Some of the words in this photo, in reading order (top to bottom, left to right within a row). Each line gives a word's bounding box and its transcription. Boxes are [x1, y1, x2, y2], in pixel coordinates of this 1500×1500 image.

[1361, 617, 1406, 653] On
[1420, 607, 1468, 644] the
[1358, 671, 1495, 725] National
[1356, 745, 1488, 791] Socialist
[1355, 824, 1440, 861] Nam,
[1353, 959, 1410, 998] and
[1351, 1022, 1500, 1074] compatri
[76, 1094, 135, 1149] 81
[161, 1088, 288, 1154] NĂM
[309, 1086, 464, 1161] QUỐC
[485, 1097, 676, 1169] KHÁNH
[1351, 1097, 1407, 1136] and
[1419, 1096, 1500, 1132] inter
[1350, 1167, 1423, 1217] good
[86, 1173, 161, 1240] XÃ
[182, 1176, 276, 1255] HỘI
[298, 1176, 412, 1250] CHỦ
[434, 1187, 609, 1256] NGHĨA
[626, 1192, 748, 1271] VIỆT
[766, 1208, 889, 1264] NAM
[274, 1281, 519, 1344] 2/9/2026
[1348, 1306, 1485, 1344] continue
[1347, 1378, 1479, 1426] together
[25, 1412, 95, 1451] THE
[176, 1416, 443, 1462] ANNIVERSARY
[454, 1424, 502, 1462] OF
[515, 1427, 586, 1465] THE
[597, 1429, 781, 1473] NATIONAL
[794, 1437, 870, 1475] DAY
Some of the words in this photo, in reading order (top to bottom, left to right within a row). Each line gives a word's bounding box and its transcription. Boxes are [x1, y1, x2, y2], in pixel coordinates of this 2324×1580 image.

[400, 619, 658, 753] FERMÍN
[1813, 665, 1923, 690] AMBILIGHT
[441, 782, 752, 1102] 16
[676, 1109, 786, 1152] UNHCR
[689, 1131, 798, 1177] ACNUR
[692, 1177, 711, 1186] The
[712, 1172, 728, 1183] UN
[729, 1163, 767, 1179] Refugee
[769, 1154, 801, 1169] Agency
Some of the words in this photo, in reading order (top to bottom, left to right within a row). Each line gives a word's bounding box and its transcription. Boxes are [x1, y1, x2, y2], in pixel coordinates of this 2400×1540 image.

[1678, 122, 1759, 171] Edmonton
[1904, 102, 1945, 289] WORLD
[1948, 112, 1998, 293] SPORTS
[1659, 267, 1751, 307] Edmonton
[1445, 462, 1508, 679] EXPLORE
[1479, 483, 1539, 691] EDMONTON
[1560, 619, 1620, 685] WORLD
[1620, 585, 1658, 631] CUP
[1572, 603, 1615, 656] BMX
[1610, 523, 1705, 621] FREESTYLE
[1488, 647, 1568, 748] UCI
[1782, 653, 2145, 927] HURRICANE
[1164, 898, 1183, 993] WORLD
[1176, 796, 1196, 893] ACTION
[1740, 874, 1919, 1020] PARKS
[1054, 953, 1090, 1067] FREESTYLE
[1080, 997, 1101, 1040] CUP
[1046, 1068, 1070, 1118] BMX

- About this task: Repeat the data in full. Nothing may be dropped or altered.

- Your response:
Some of the words in this photo, in reading order (top to bottom, left to right within a row). Each line gives a word's bounding box and its transcription. Boxes are [x1, y1, x2, y2], in pixel coordinates of this 1500×1500 image.

[1361, 617, 1406, 653] On
[1420, 607, 1468, 644] the
[1358, 671, 1495, 725] National
[1356, 745, 1488, 791] Socialist
[1355, 824, 1440, 861] Nam,
[1353, 959, 1410, 998] and
[1351, 1022, 1500, 1074] compatri
[76, 1094, 135, 1149] 81
[161, 1088, 288, 1154] NĂM
[309, 1086, 464, 1161] QUỐC
[485, 1097, 676, 1169] KHÁNH
[1351, 1097, 1407, 1136] and
[1419, 1096, 1500, 1132] inter
[1350, 1167, 1423, 1217] good
[86, 1173, 161, 1240] XÃ
[182, 1176, 276, 1255] HỘI
[298, 1176, 412, 1250] CHỦ
[434, 1187, 609, 1256] NGHĨA
[626, 1192, 748, 1271] VIỆT
[766, 1208, 889, 1264] NAM
[274, 1281, 519, 1344] 2/9/2026
[1348, 1306, 1485, 1344] continue
[1347, 1378, 1479, 1426] together
[25, 1412, 95, 1451] THE
[176, 1416, 443, 1462] ANNIVERSARY
[454, 1424, 502, 1462] OF
[515, 1427, 586, 1465] THE
[597, 1429, 781, 1473] NATIONAL
[794, 1437, 870, 1475] DAY
Some of the words in this photo, in reading order (top to bottom, left to right within a row). Each line gives a word's bounding box and its transcription. Boxes are [x1, y1, x2, y2], in pixel coordinates of this 2324×1580 image.

[400, 619, 658, 753] FERMÍN
[1813, 665, 1923, 690] AMBILIGHT
[441, 782, 752, 1102] 16
[676, 1109, 786, 1152] UNHCR
[689, 1131, 798, 1177] ACNUR
[692, 1177, 711, 1186] The
[712, 1172, 728, 1183] UN
[729, 1163, 767, 1179] Refugee
[769, 1154, 801, 1169] Agency
Some of the words in this photo, in reading order (top to bottom, left to right within a row). Each line gives a word's bounding box and its transcription. Boxes are [x1, y1, x2, y2], in pixel coordinates of this 2400×1540 image.

[1678, 122, 1759, 171] Edmonton
[1904, 102, 1945, 289] WORLD
[1948, 112, 1998, 293] SPORTS
[1659, 267, 1751, 307] Edmonton
[1445, 462, 1508, 679] EXPLORE
[1479, 483, 1539, 691] EDMONTON
[1560, 619, 1620, 685] WORLD
[1620, 585, 1658, 631] CUP
[1572, 603, 1615, 656] BMX
[1610, 523, 1705, 621] FREESTYLE
[1488, 647, 1568, 748] UCI
[1782, 653, 2145, 927] HURRICANE
[1164, 898, 1183, 993] WORLD
[1176, 796, 1196, 893] ACTION
[1740, 874, 1919, 1020] PARKS
[1054, 953, 1090, 1067] FREESTYLE
[1080, 997, 1101, 1040] CUP
[1046, 1068, 1070, 1118] BMX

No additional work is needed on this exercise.